How to Write an Autobiographical Novel by Alexander Chee

— Alexandra d’Abbadie

There are a few books that will perennially be found close to the owner’s person: on their bedside table, in their favourite bag. Books that are destined to be bought in copies, for they will be tattered from too many thumbs, their spines unwittingly broken, pages marked by travels in time and space on pilgrimages to Maine, San Francisco, New York, on the trails of a master. Art as secular scripture.

Cover features a picture of the author in the centre with the title and author name surrounding in a square near the covers edge.
Houghton Mifflin Harcourt  |  2018  |  288 pp

Alexander Chee’s How to Write an Autobiographical Novel is such a book. It drew me in like a zebra to a watering hole in high summer. His 16 essays are an MFA, a bildungsroman, a compendium of wisdom that ricochets off the page into (you hope) your own spirit, because you could wish for nothing more than to write in Chee’s exquisite, metronomically-measured prose, to reproduce the clarity of his voice, a voice so necessary to people of colour, to mixed-race, queer individuals living at the interstices of identity in a world that doesn’t know what to do with us (besides subjecting us to violence). He is a beacon.

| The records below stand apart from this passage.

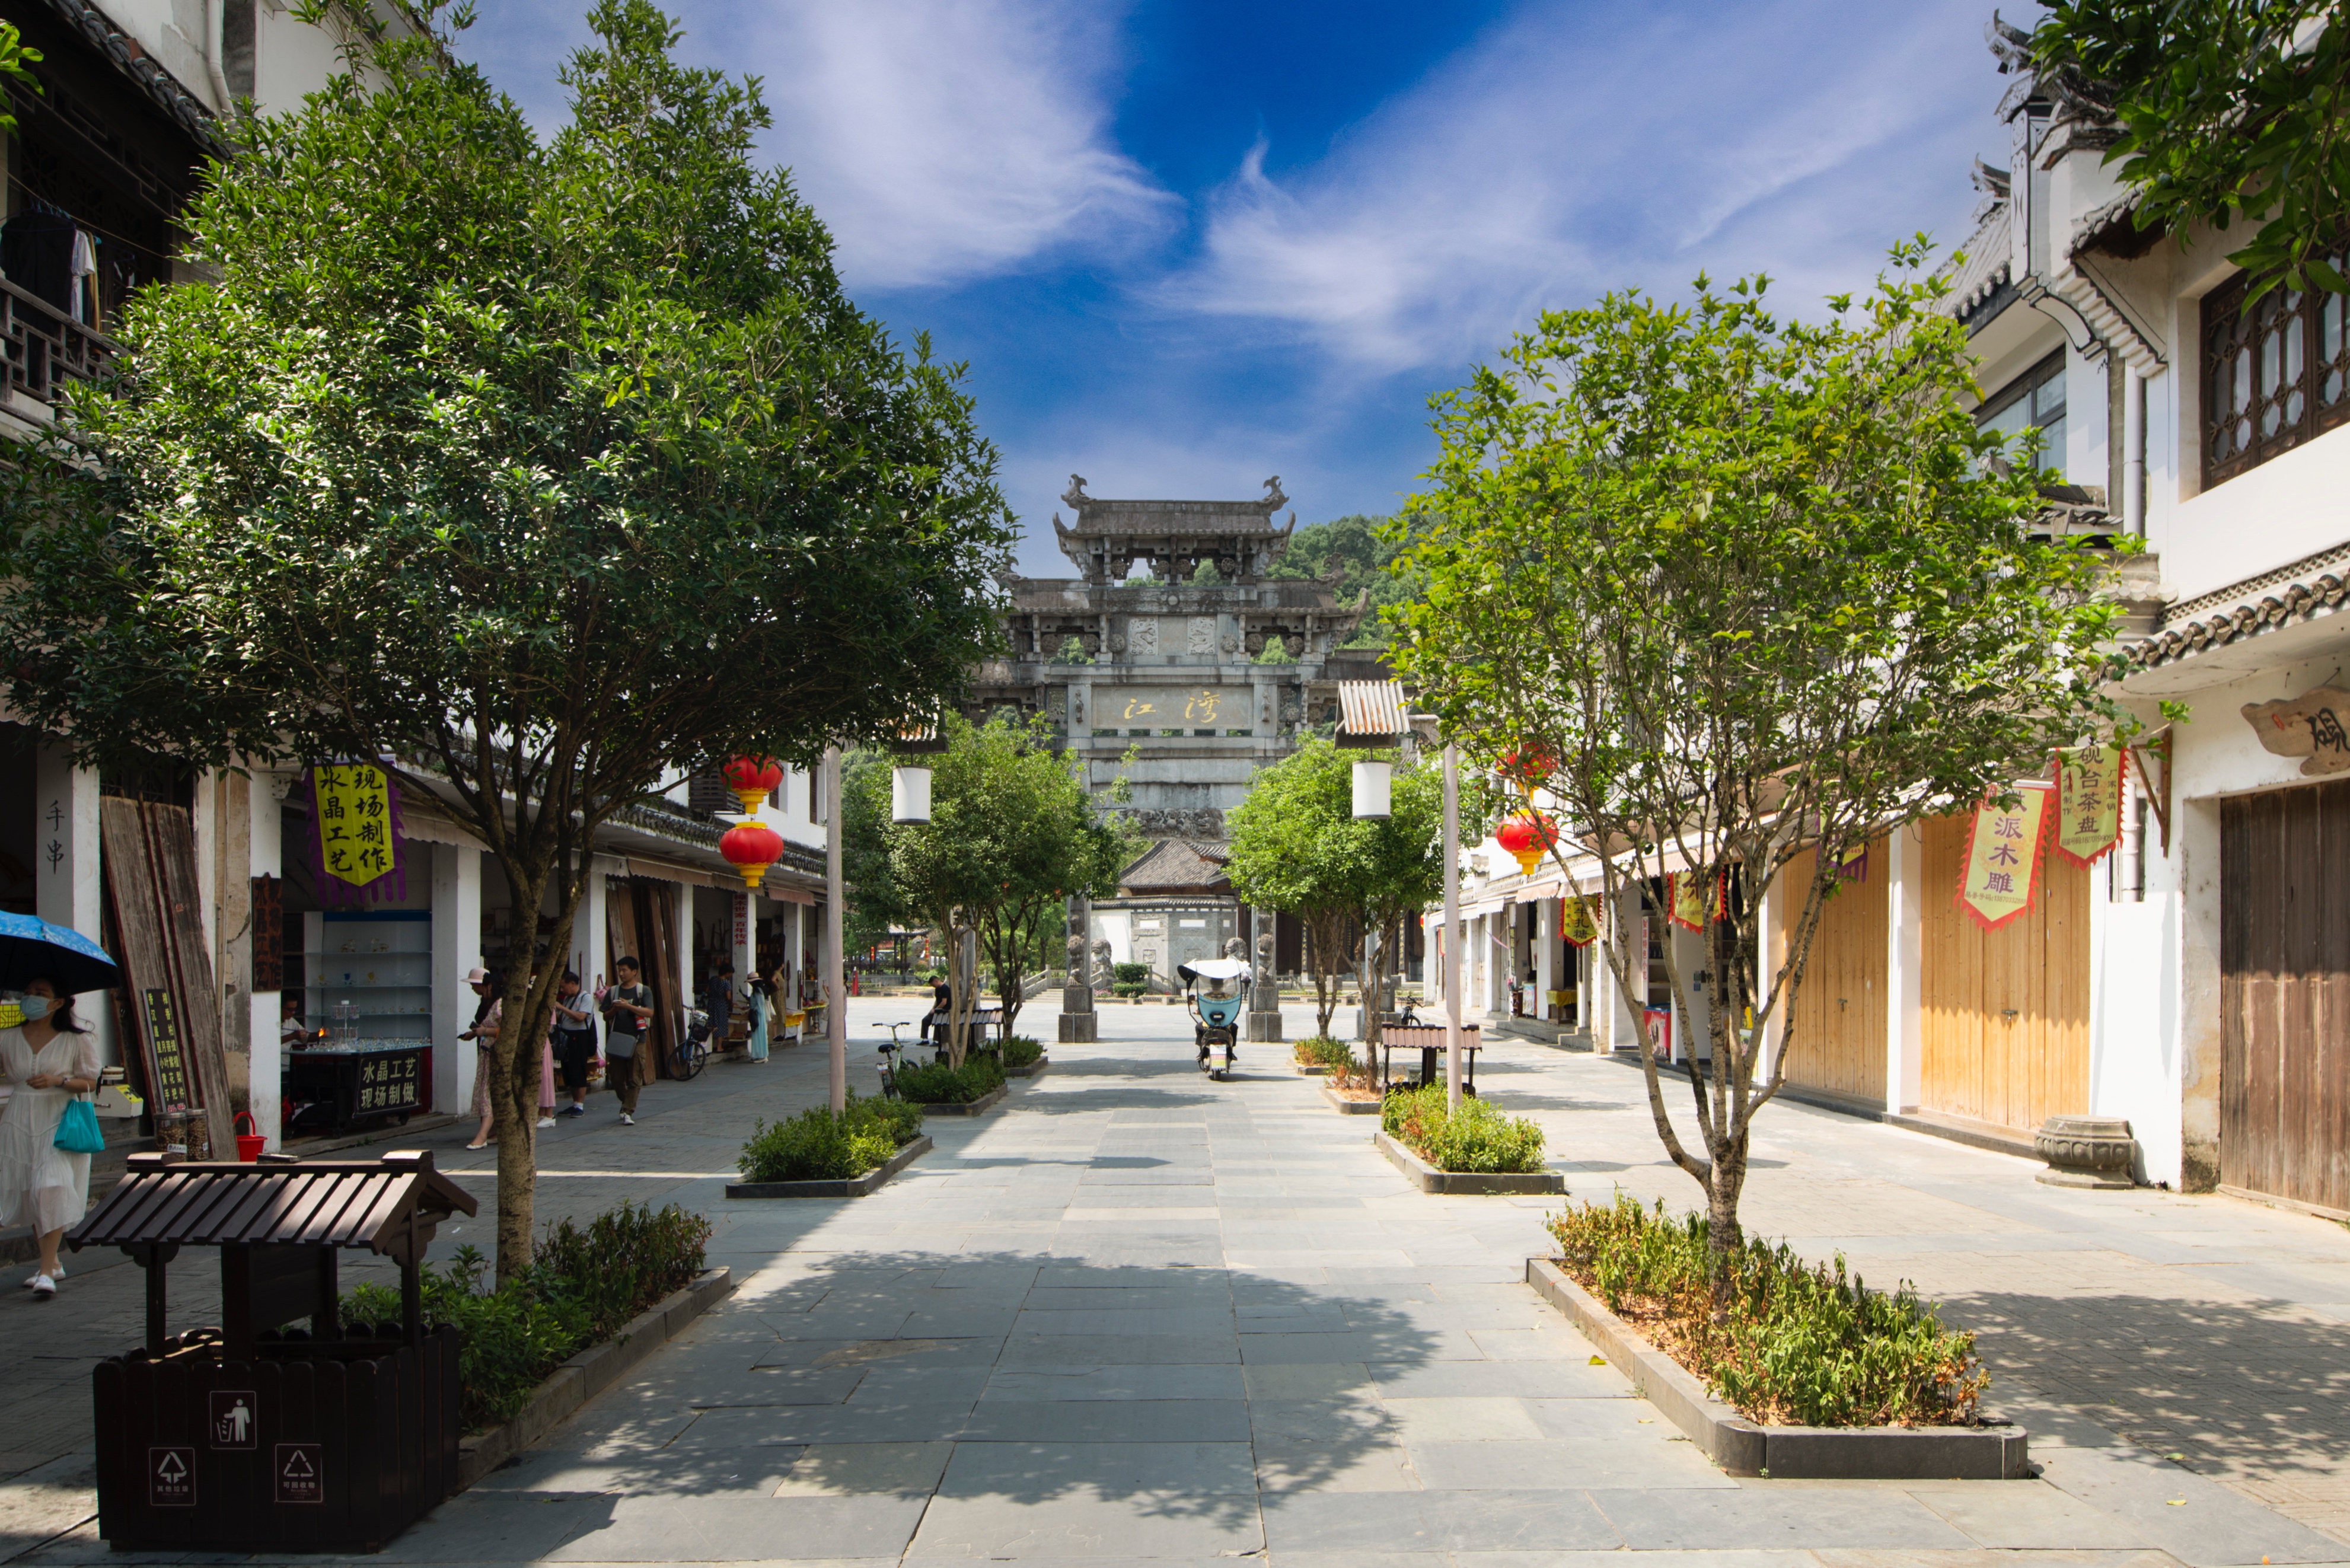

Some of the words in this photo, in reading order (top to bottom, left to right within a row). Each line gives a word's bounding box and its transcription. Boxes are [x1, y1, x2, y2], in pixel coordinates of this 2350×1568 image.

[2074, 745, 2105, 835] 砚台茶盘
[2106, 769, 2118, 811] 厂家直销
[46, 799, 65, 875] 手串
[320, 769, 353, 872] 水晶工艺
[354, 769, 387, 872] 现场制作
[255, 878, 269, 987] 水晶工艺
[734, 921, 747, 946] 百年传承
[157, 1040, 177, 1053] 星月菩提
[160, 1055, 180, 1069] 小叶紫檀
[363, 1057, 416, 1083] 水晶工艺
[164, 1086, 184, 1101] 手把件
[361, 1082, 414, 1109] 现场制做

How to Write an Autobiographical Novel isn’t a ‘Best Of’, which it easily could have been given the author’s spectacular C.V. The collection is coherent yet flexible; nothing is out of place, as we chart the author’s coming-of-age from mixed-race boy passing as a Mexican mestizo to the emerging writer who receives an education by his rose garden. The essays, of course, are both a retrospection and a recounting. One of them, Girl, is possibly my favourite essay of all time, the only essay I can actually quote sections from. I will do this now with immense pleasure because this review is futile, quite frankly, once anyone experiences an Alexander Chee sentence, because yes, there is such a thing. Forgive my exuberance, this review that is not so much a critique but a celebration. I promise, it is justified.

With these tools I have built another face on top of my own, unrecognizable, and yet I am already adjusting to it; somehow I have always known how to put this face together. My hands do not shake, but move with the slow assurance of routine.

I am smiling.

[…] The wig I put on last. Without it, you can see my man’s hairline, receding faintly into a widow’s peak. You can see my dark hair, you can tell I’m not a blond woman or a white one, or even a woman. It is a Valkyrie’s headpiece, and I gel it to hold it in place. The static it generates pulls the hairs out into the air one by one. In an hour I will have a faint halo of frizz. Blue sparks will fly from me when I touch people.

The collection comes after two gorgeous, highly-acclaimed novels—Edinburgh and The Queen of the Night—and one can only hope for more of Chee’s work in generous proportions in the very near future.